The USWNT has enthralled the country with their run to a World Cup soccer championship — and rightly so. The U.S. women's national team is a group of tough, talented athletes who demonstrate amazing play when it matters most.
I’m sure I’m not the only one who has wondered, why now? This team went to the finals in 2011 and won it all in 1999, and yet, from a popularity standpoint, this has proven to be the breakthrough year for women’s World Cup soccer. There was excitement around the 2011 game, but nothing like 2015.
Women's World Cup soccer hits critical mass
Several reasons are floated for the USWNT’s explosion in popularity. The team was relatively unknown going into 2011 and gained a big following during that exciting World Cup run—it might be said that 2011 “set the table.” Momentum grew with the 2012 Olympics and a third-consecutive Gold Medal win for the American women.
More broadly, there’s Title IX and the huge interest in soccer on the youth and college level. This team’s fan base has been steadily growing behind the scenes for years.

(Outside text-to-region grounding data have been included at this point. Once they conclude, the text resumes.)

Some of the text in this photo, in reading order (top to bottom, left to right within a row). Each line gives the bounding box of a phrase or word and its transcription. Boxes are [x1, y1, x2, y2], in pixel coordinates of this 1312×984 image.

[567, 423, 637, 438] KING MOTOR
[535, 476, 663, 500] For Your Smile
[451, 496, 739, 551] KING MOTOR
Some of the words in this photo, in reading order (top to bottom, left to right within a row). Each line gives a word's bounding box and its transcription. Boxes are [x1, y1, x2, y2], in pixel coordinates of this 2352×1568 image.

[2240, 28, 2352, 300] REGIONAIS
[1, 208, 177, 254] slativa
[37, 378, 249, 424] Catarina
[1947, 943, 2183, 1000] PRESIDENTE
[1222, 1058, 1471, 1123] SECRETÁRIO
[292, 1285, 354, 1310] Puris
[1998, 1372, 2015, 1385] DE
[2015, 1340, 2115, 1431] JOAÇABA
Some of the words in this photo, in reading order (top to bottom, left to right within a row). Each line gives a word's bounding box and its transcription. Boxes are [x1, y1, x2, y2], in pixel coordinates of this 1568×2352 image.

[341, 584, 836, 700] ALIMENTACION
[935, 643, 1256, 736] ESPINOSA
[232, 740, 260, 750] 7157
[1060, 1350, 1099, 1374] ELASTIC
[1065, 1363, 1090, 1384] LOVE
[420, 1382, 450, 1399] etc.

The personalities and stories around the team matter too. Olympic hero Carli Lloyd took it to the next level with her World Cup performance. The Hope Solo saga, with accusations of domestic abuse and spirited defense of the star goalie, added to America’s fascination with the team (I argued in my last blog that, from a marketing standpoint, even negative attention can work in a brand’s—in this case the team's—favor).
Like many pop-culture phenomena, it took a multitude of factors coming together to create that critical mass. Sometimes the best thing a marketer can do (and yes, FIFA funds a huge marketing effort) is read the signs and figure out how to amplify and encourage an already-existing trend.